Each entry below should be restated word for word, without any picture it contains.

Recorded data
# # # # #

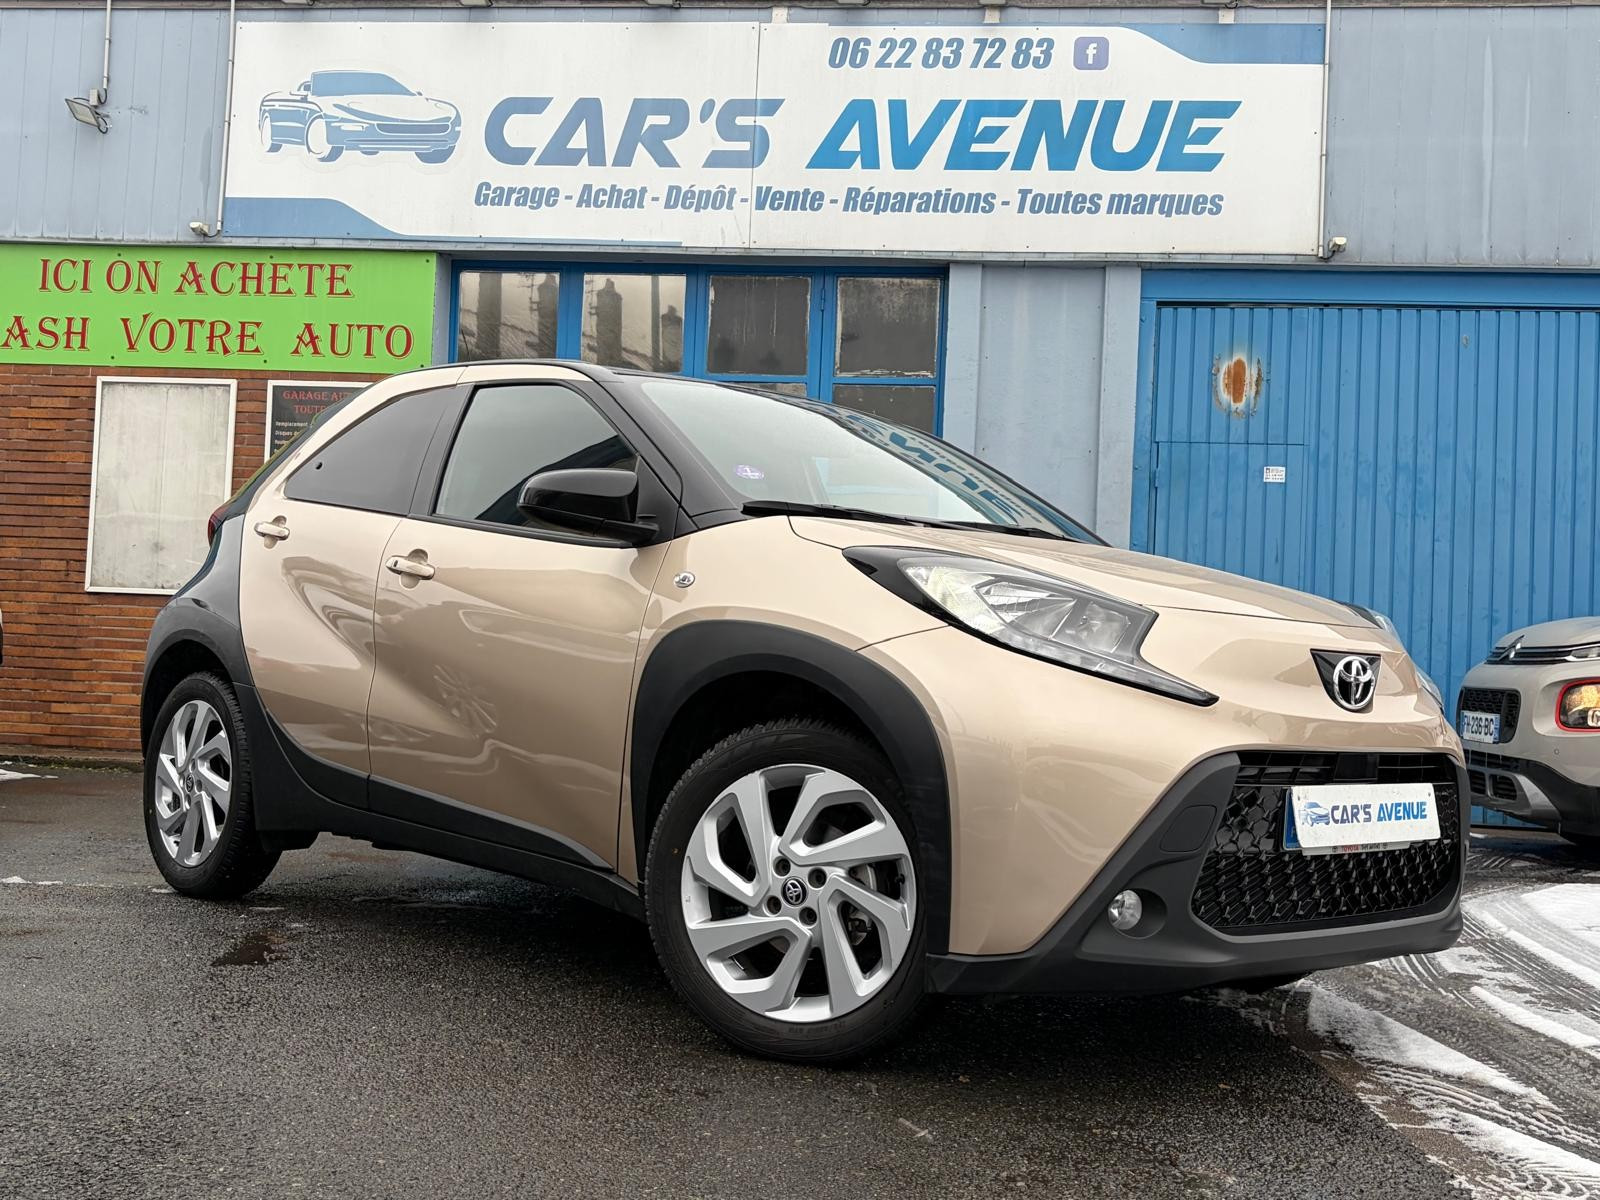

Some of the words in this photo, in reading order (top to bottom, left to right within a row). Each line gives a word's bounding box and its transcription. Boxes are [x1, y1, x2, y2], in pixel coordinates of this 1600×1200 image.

[829, 38, 871, 69] 06
[874, 38, 917, 69] 22
[921, 38, 964, 69] 83
[969, 38, 1007, 69] 72
[1011, 38, 1055, 70] 83
[484, 96, 786, 169] CAR'S
[805, 98, 1242, 173] AVENUE
[474, 181, 560, 210] Garage
[576, 183, 648, 210] Achat
[664, 184, 737, 213] Dépôt
[755, 185, 825, 212] Vente
[843, 186, 997, 216] Réparations
[1016, 188, 1102, 215] Toutes
[1106, 192, 1224, 218] marques
[39, 259, 92, 293] ICI
[105, 260, 161, 294] ON
[174, 261, 353, 297] ACHETE
[120, 312, 263, 356] VOTRE
[290, 322, 414, 359] AUTO
[283, 391, 328, 401] GARAGE
[1330, 804, 1372, 825] CAR'S
[1377, 801, 1428, 822] AVENUE
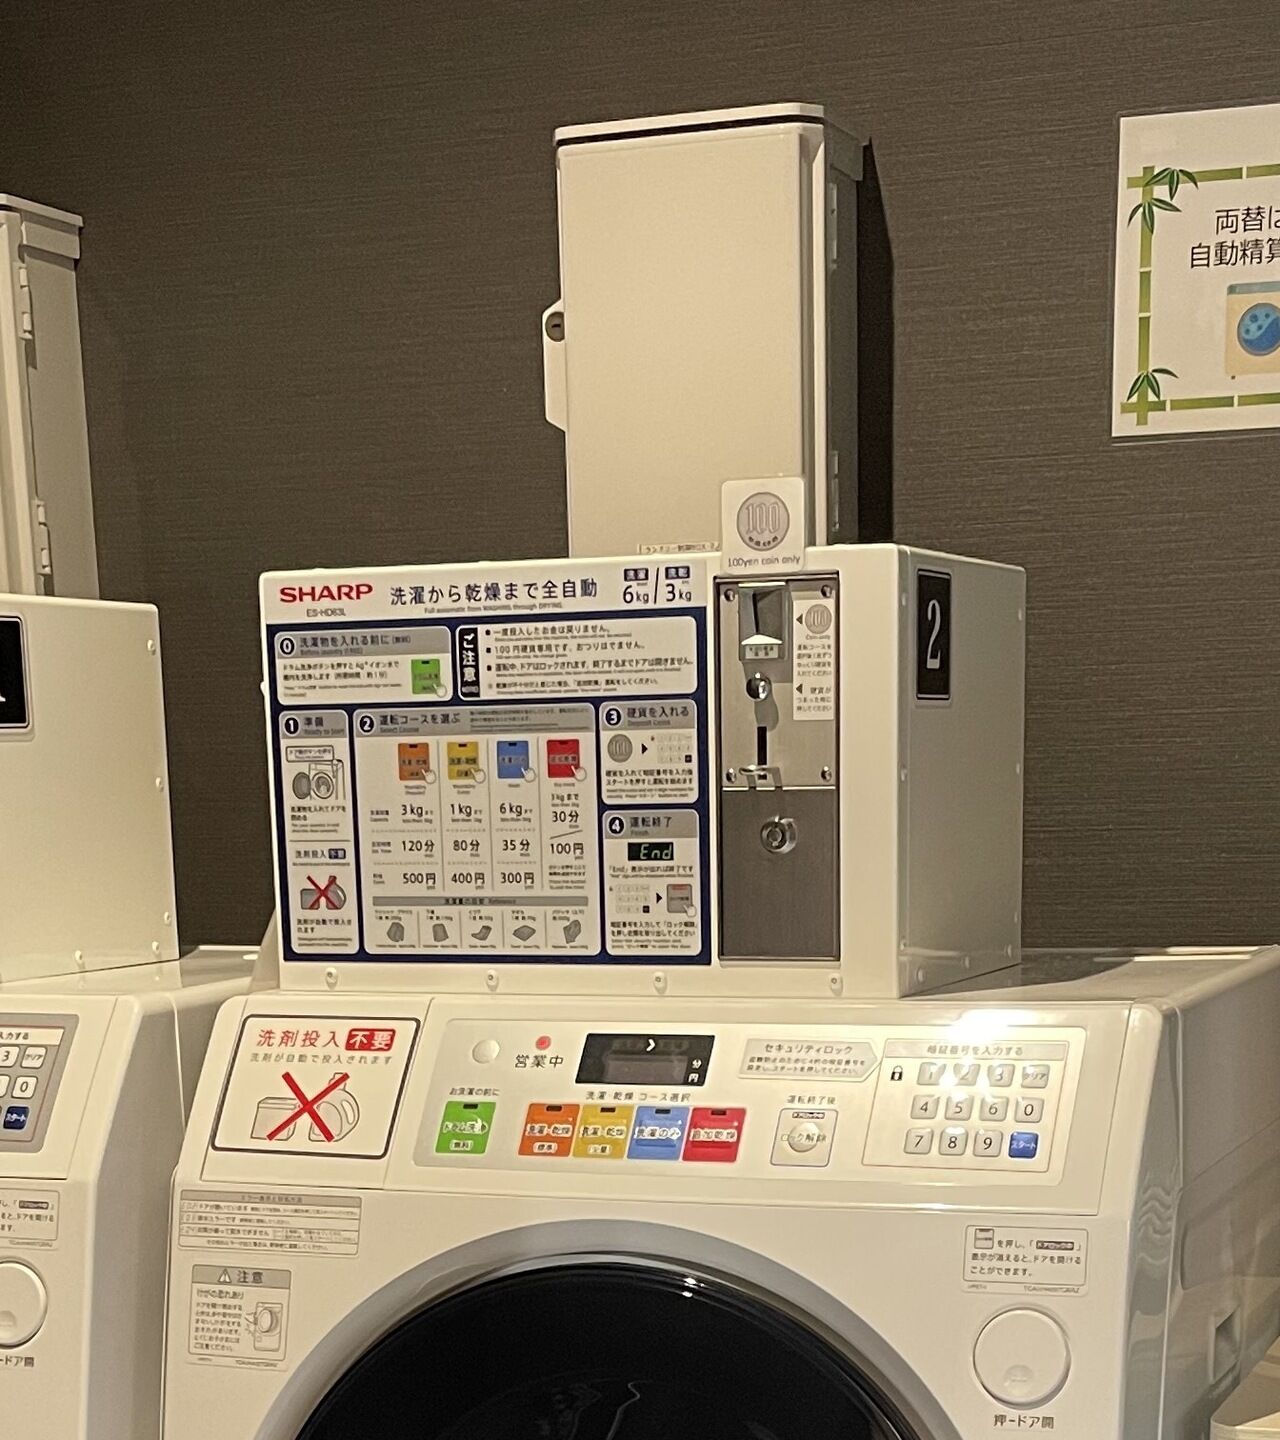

# # # # #

| RESPONSE AREA |
Some of the words in this photo, in reading order (top to bottom, left to right within a row). Each line gives a word's bounding box and its transcription. Boxes are [x1, y1, x2, y2], in pixel coordinates of this 1600×1200 image.

[829, 38, 871, 69] 06
[874, 38, 917, 69] 22
[921, 38, 964, 69] 83
[969, 38, 1007, 69] 72
[1011, 38, 1055, 70] 83
[484, 96, 786, 169] CAR'S
[805, 98, 1242, 173] AVENUE
[474, 181, 560, 210] Garage
[576, 183, 648, 210] Achat
[664, 184, 737, 213] Dépôt
[755, 185, 825, 212] Vente
[843, 186, 997, 216] Réparations
[1016, 188, 1102, 215] Toutes
[1106, 192, 1224, 218] marques
[39, 259, 92, 293] ICI
[105, 260, 161, 294] ON
[174, 261, 353, 297] ACHETE
[120, 312, 263, 356] VOTRE
[290, 322, 414, 359] AUTO
[283, 391, 328, 401] GARAGE
[1330, 804, 1372, 825] CAR'S
[1377, 801, 1428, 822] AVENUE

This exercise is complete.